_What needs to be done_. Transcribe each of the entries exactly.

_Records for the exercise_.

*** Begin section ***

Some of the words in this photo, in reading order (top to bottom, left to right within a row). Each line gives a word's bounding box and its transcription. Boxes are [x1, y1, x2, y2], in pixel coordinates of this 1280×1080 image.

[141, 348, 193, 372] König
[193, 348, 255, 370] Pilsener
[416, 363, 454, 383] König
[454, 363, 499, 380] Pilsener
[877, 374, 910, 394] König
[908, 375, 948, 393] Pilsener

*** End section ***

_Solution_.
Some of the words in this photo, in reading order (top to bottom, left to right within a row). Each line gives a word's bounding box and its transcription. Boxes are [x1, y1, x2, y2], in pixel coordinates of this 1280×1080 image.

[141, 348, 193, 372] König
[193, 348, 255, 370] Pilsener
[416, 363, 454, 383] König
[454, 363, 499, 380] Pilsener
[877, 374, 910, 394] König
[908, 375, 948, 393] Pilsener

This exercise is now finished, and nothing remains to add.